Twigg SRF., Vorgia E., McGowan SJ., Peraki I., Fenwick AL., Sharma VP., Allegra M., Zaragkoulias A., Sadighi Akha E., Knight SJL., Lord H., Lester T., Izatt L., Lampe AK., Mohammed SN., Stewart FJ., Verloes A., Wilson LC., Healy C., Sharpe PT., Hammond P., Hughes J., Taylor S., Johnson D., Wall SA., Mavrothalassitis G., Wilkie AOM.
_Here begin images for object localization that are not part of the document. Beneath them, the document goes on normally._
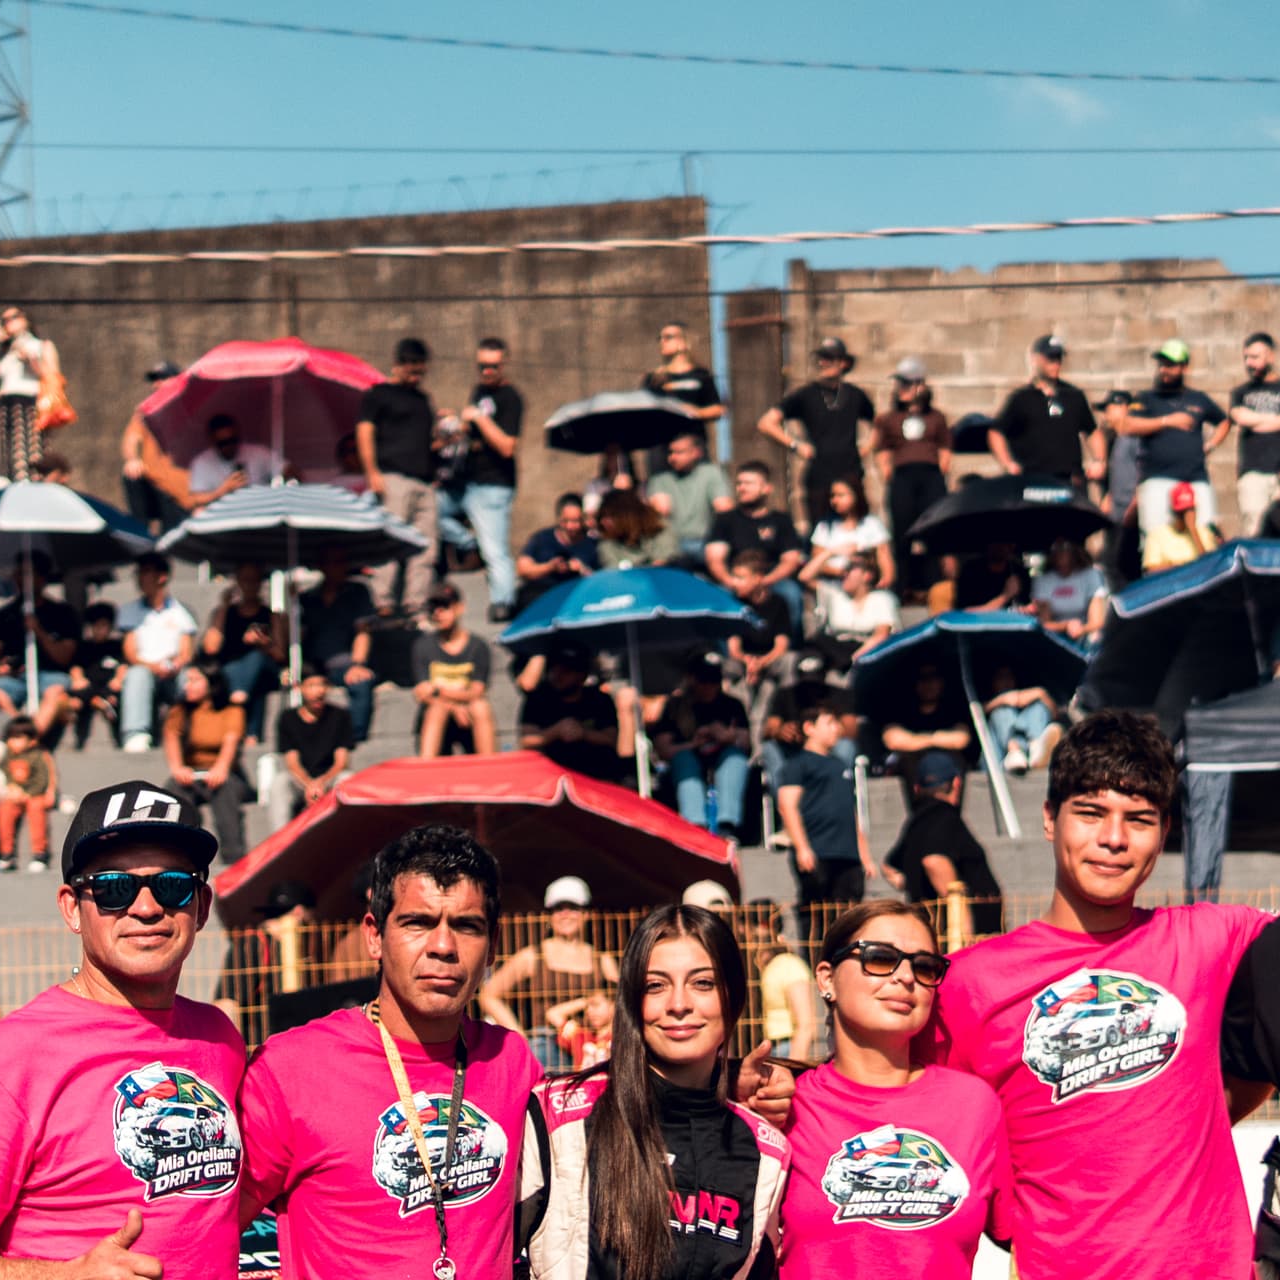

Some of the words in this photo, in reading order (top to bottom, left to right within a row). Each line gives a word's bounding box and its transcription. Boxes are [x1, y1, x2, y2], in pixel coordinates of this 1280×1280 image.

[1062, 1053, 1097, 1078] Mia
[1098, 1032, 1168, 1062] Orellana
[1060, 1058, 1120, 1095] DRIFT
[1120, 1046, 1165, 1071] GIRL
[156, 1153, 185, 1176] Mia
[186, 1147, 237, 1166] Orellana
[152, 1165, 204, 1194] DRIFT
[203, 1161, 236, 1179] GIRL
[457, 1170, 492, 1190] GIRL
[842, 1203, 901, 1217] DRIFT
[900, 1203, 941, 1215] GIRL
[849, 1190, 882, 1203] Mia
[884, 1188, 950, 1204] Orellana
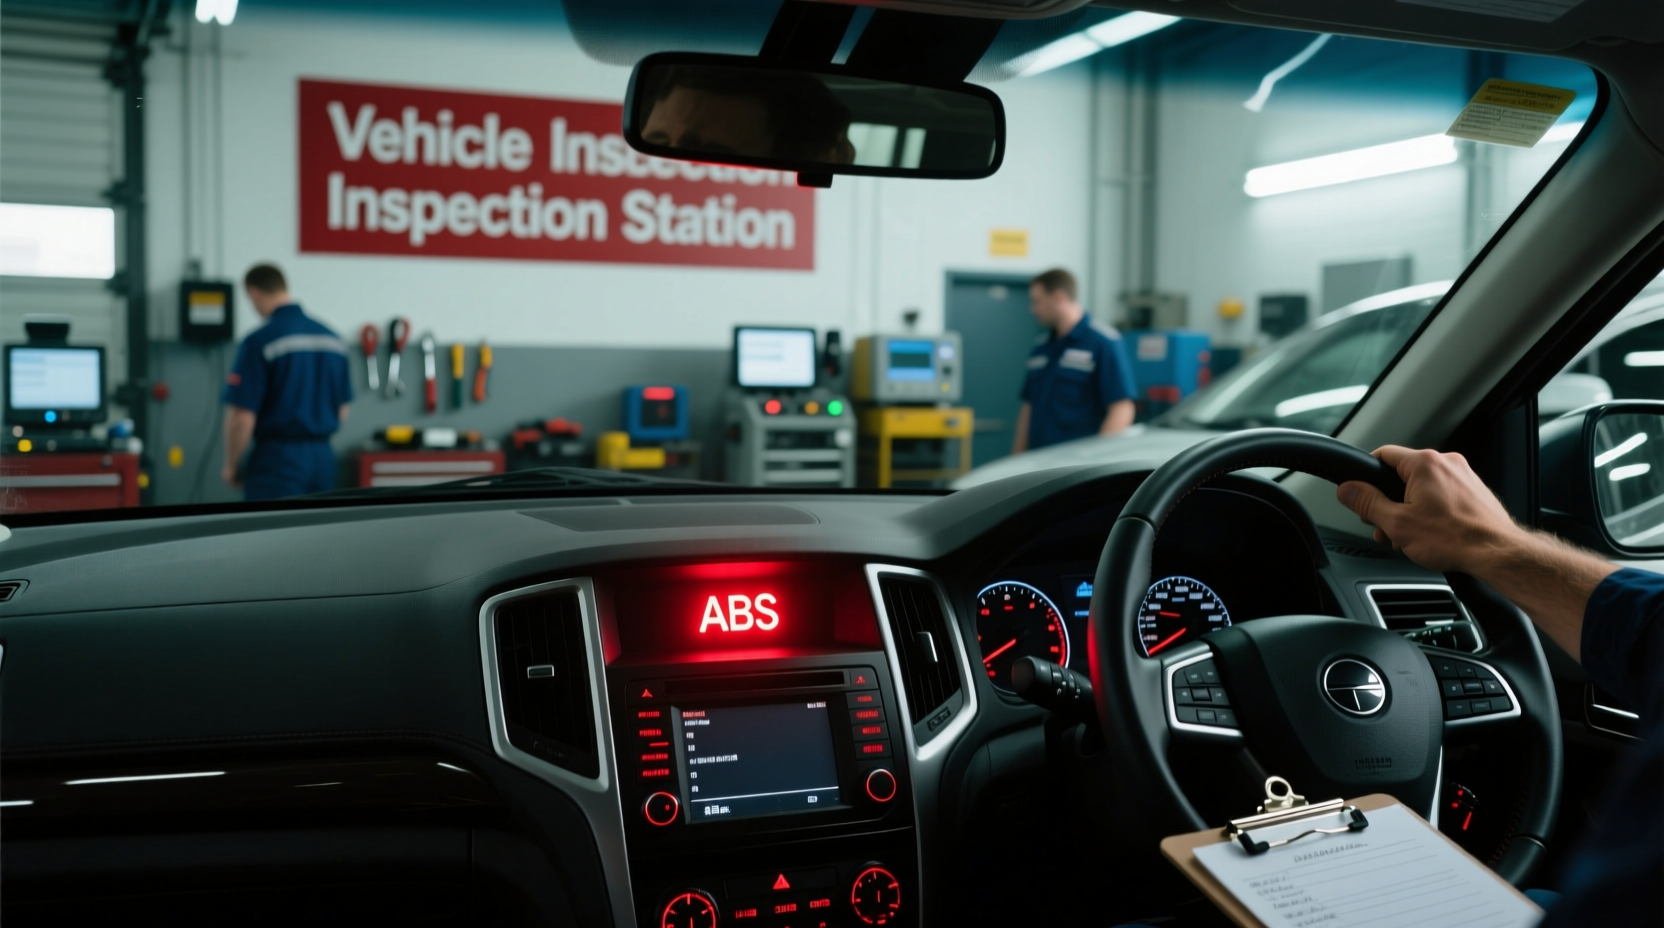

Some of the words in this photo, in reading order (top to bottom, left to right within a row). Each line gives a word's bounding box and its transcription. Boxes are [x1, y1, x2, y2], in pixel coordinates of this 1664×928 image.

[327, 101, 533, 170] Vehicle
[327, 172, 608, 246] Inspection
[620, 188, 796, 250] Station
[699, 592, 780, 634] ABS
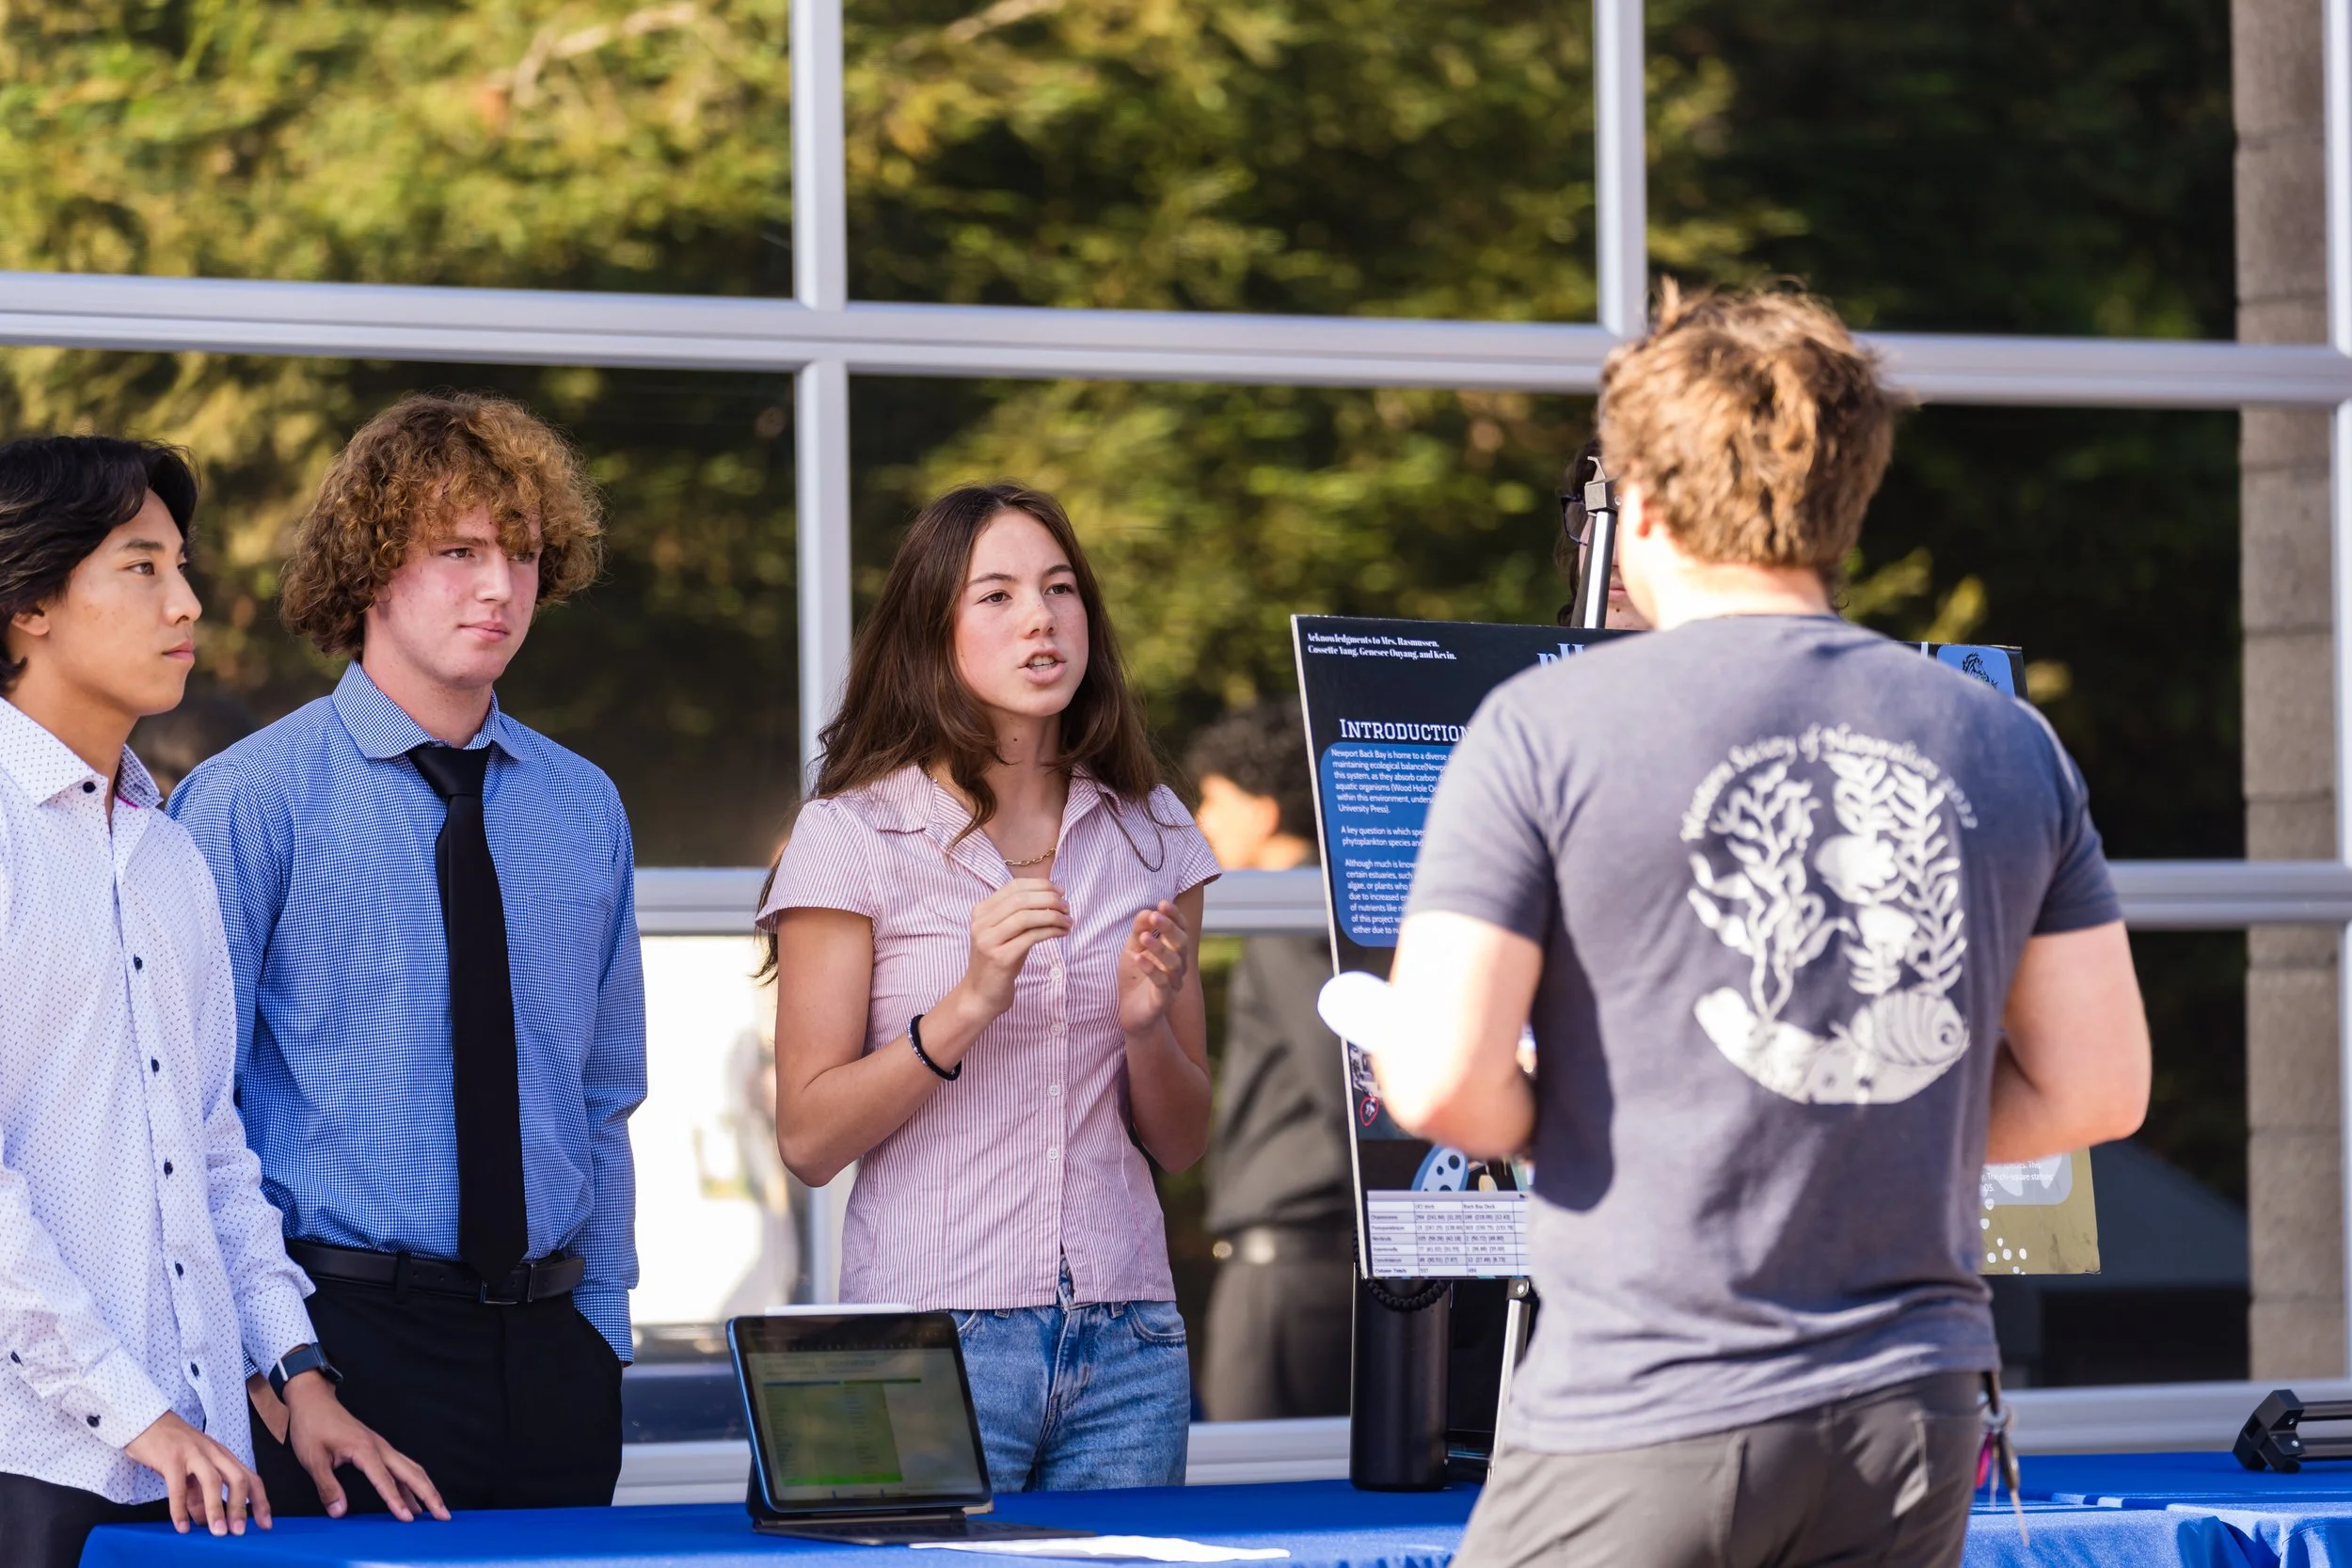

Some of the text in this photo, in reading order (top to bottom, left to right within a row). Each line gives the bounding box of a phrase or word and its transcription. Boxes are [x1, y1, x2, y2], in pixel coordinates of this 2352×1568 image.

[1308, 632, 1372, 645] Acknowledgments
[1381, 636, 1397, 645] Mrs.
[1419, 650, 1434, 658] and
[1798, 721, 1820, 764] of
[1330, 749, 1359, 758] Newport
[1359, 750, 1374, 758] Back
[1375, 751, 1387, 760] Bay
[1392, 751, 1411, 759] home
[1424, 752, 1447, 760] diverse
[1332, 762, 1370, 771] maintaining
[1370, 762, 1400, 771] ecological
[1379, 771, 1392, 782] they
[1336, 783, 1358, 792] aquatic
[1359, 784, 1391, 793] organisms
[1338, 804, 1369, 814] University
[1347, 826, 1358, 835] key
[1359, 827, 1386, 836] question
[1342, 837, 1388, 847] phytoplankton
[1389, 839, 1411, 848] species
[1345, 860, 1374, 869] Although
[1375, 882, 1393, 892] plants
[1359, 914, 1371, 923] this
[1372, 915, 1392, 924] project
[1372, 926, 1384, 934] due
The extracellular signal-related kinases 1 and 2 (ERK1/2) are key proteins mediating mitogen-activated protein kinase signaling downstream of RAS: phosphorylation of ERK1/2 leads to nuclear uptake and modulation of multiple targets. Here, we show that reduced dosage of ERF, which encodes an inhibitory ETS transcription factor directly bound by ERK1/2 (refs. 2,3,4,5,6,7), causes complex craniosynostosis (premature fusion of the cranial sutures) in humans and mice. Features of this newly recognized clinical disorder include multiple-suture synostosis, craniofacial dysmorphism, Chiari malformation and language delay. Mice with functional Erf levels reduced to ∼30% of normal exhibit postnatal multiple-suture synostosis; by contrast, embryonic calvarial development appears mildly delayed. Using chromatin immunoprecipitation in mouse embryonic fibroblasts and high-throughput sequencing, we find that ERF binds preferentially to elements away from promoters that contain RUNX or AP-1 motifs. This work identifies ERF as a novel regulator of osteogenic stimulation by RAS-ERK signaling, potentially by competing with activating ETS factors in multifactor transcriptional complexes.